▶ _Activity_
Output only this range of the data below: the line that contains "this 1500×1333 image." through the final line, both ends included, each retyped exactly.

[Record set]

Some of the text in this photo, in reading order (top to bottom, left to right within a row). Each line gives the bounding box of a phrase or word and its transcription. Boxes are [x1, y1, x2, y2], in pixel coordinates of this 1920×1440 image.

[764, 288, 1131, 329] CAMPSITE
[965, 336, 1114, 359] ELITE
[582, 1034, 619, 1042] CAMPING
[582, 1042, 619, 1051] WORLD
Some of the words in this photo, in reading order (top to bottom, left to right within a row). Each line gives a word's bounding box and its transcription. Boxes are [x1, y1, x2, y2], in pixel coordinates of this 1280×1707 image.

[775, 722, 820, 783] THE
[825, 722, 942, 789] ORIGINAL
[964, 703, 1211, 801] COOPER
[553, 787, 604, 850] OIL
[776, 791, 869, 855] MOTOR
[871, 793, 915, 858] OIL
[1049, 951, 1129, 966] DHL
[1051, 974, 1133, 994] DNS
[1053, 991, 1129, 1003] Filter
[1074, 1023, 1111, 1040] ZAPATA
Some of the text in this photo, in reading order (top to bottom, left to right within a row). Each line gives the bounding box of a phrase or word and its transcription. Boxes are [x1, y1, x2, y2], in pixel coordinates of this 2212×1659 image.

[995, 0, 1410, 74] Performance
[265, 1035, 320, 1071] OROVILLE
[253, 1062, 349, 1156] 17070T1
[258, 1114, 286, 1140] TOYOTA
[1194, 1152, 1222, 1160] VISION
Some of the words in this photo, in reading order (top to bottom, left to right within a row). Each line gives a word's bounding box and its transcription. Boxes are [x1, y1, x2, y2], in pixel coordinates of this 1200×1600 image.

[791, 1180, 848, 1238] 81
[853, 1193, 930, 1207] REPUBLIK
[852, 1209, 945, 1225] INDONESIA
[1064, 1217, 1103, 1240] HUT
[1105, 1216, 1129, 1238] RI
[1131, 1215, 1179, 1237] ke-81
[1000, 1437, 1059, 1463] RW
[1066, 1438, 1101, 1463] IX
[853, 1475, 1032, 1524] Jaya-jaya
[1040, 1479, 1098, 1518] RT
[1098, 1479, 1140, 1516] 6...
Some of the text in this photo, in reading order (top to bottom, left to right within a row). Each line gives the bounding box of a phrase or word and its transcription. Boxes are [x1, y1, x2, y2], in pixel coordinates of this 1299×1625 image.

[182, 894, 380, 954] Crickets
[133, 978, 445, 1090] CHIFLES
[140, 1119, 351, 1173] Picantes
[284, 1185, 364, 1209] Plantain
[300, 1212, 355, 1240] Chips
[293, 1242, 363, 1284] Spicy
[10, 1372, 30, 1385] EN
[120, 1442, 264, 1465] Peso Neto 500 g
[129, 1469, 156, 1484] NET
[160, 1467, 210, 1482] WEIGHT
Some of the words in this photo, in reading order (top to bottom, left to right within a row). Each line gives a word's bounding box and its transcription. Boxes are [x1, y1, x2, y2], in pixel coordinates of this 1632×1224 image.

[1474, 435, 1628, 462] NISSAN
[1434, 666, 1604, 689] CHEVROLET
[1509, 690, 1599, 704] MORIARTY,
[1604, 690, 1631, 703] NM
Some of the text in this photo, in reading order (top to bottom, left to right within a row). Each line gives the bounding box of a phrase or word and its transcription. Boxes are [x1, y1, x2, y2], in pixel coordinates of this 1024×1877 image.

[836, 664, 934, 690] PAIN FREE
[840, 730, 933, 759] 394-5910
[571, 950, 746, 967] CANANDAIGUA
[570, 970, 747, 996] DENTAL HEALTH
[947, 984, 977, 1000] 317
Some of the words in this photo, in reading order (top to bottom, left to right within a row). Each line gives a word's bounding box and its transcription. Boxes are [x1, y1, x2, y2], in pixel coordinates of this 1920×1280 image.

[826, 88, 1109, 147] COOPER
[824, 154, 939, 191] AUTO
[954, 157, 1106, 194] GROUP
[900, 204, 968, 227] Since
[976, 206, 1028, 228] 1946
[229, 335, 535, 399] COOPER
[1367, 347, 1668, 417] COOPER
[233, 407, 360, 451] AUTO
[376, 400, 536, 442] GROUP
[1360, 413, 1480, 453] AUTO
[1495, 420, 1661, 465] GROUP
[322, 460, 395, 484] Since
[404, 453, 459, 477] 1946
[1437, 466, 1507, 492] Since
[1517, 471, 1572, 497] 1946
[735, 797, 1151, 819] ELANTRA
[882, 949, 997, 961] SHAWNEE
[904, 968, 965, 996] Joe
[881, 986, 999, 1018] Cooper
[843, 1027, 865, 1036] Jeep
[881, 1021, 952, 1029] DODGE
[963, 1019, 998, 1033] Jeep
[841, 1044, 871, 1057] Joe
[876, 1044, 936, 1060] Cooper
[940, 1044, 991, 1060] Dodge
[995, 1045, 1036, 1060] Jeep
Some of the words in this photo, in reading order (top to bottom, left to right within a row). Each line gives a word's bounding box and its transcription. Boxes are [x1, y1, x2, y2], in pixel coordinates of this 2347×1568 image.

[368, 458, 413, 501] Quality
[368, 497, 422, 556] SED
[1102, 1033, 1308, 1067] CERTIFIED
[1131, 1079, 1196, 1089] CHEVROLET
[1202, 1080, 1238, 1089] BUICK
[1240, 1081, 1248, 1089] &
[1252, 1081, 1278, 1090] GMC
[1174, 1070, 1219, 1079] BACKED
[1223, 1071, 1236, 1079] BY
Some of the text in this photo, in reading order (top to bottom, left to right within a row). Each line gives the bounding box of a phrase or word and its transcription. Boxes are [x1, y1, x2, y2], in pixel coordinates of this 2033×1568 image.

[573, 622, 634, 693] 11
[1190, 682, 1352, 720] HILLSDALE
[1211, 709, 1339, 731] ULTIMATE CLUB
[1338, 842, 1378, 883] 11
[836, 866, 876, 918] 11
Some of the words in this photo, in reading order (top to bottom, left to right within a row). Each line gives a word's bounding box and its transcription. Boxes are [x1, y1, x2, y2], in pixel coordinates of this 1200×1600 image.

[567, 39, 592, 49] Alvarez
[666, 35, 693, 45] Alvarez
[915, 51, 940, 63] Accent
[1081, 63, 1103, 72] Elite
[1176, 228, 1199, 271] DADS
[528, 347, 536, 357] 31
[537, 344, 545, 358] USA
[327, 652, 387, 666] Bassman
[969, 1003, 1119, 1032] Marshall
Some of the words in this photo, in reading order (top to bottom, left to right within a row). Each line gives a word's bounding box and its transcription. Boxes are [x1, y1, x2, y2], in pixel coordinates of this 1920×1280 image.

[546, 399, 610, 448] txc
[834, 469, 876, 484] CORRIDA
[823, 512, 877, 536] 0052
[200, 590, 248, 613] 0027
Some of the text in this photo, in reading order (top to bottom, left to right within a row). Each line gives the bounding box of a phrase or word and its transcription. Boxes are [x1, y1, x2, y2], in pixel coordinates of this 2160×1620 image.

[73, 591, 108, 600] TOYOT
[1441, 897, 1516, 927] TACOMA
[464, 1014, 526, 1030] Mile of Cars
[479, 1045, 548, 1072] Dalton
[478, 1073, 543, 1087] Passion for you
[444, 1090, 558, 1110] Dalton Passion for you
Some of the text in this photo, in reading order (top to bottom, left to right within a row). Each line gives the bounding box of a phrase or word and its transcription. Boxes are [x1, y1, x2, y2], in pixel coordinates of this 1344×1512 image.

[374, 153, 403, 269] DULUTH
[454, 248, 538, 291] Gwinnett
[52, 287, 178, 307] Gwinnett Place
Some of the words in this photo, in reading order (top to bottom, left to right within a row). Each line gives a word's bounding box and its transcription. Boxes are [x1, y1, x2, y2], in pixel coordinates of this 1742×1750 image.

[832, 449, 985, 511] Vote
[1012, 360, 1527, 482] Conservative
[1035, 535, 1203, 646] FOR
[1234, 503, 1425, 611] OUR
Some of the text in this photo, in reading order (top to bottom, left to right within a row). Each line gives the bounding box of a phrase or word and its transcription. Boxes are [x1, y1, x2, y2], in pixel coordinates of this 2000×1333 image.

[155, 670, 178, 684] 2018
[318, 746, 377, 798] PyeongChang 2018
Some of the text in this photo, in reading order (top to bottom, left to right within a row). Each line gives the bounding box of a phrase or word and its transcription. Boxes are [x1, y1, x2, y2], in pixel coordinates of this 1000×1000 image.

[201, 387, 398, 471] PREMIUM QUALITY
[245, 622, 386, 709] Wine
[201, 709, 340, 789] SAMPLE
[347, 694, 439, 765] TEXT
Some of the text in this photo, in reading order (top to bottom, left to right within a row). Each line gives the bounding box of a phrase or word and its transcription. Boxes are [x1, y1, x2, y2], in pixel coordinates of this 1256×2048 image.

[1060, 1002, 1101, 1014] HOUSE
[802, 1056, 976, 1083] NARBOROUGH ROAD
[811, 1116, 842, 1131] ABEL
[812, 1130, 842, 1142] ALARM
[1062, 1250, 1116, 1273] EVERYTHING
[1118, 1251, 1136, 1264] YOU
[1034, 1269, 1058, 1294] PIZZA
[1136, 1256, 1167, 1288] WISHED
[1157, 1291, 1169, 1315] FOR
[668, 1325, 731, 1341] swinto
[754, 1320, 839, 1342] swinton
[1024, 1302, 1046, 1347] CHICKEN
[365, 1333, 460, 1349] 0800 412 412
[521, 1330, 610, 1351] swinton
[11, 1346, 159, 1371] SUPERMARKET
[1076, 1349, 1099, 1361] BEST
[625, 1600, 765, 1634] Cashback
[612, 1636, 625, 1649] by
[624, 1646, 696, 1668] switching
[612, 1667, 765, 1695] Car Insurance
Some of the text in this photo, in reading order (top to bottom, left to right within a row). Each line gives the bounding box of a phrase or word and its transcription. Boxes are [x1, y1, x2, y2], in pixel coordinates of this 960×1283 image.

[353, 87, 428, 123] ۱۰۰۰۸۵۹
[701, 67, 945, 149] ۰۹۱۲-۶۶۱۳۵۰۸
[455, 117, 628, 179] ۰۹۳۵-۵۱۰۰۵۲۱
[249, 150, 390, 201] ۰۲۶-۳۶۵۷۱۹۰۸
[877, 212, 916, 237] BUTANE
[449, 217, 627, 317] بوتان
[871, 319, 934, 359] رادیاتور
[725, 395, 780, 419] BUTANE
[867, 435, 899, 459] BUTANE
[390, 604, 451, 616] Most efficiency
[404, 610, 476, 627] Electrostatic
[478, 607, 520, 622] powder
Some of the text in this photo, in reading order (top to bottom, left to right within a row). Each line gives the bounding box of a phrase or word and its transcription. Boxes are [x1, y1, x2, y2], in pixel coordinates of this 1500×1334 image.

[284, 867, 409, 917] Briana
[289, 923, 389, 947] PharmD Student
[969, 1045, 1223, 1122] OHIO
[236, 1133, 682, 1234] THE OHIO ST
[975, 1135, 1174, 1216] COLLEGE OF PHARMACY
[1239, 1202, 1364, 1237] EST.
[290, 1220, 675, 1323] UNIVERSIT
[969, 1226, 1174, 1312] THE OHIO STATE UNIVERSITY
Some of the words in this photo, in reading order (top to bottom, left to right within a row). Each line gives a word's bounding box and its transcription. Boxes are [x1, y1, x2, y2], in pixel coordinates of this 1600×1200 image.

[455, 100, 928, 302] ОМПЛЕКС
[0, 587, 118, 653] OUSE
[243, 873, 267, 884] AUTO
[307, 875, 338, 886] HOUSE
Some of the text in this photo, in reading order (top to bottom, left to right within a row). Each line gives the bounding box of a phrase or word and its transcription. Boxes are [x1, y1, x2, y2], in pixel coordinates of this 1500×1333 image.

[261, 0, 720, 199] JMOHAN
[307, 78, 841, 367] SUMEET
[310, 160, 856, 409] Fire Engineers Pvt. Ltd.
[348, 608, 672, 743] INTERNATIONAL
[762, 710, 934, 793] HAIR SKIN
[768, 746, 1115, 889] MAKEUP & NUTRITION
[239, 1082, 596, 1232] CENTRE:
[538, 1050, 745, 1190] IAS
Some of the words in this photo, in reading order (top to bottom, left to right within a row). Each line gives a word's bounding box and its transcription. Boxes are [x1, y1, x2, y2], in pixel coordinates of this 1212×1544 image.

[/Record set]

▶ _Response_
Some of the text in this photo, in reading order (top to bottom, left to right within a row). Each line gives the bounding box of a phrase or word and its transcription. Boxes are [x1, y1, x2, y2], in pixel coordinates of this 1500×1333 image.

[261, 0, 720, 199] JMOHAN
[307, 78, 841, 367] SUMEET
[310, 160, 856, 409] Fire Engineers Pvt. Ltd.
[348, 608, 672, 743] INTERNATIONAL
[762, 710, 934, 793] HAIR SKIN
[768, 746, 1115, 889] MAKEUP & NUTRITION
[239, 1082, 596, 1232] CENTRE:
[538, 1050, 745, 1190] IAS
Some of the words in this photo, in reading order (top to bottom, left to right within a row). Each line gives a word's bounding box and its transcription. Boxes are [x1, y1, x2, y2], in pixel coordinates of this 1212×1544 image.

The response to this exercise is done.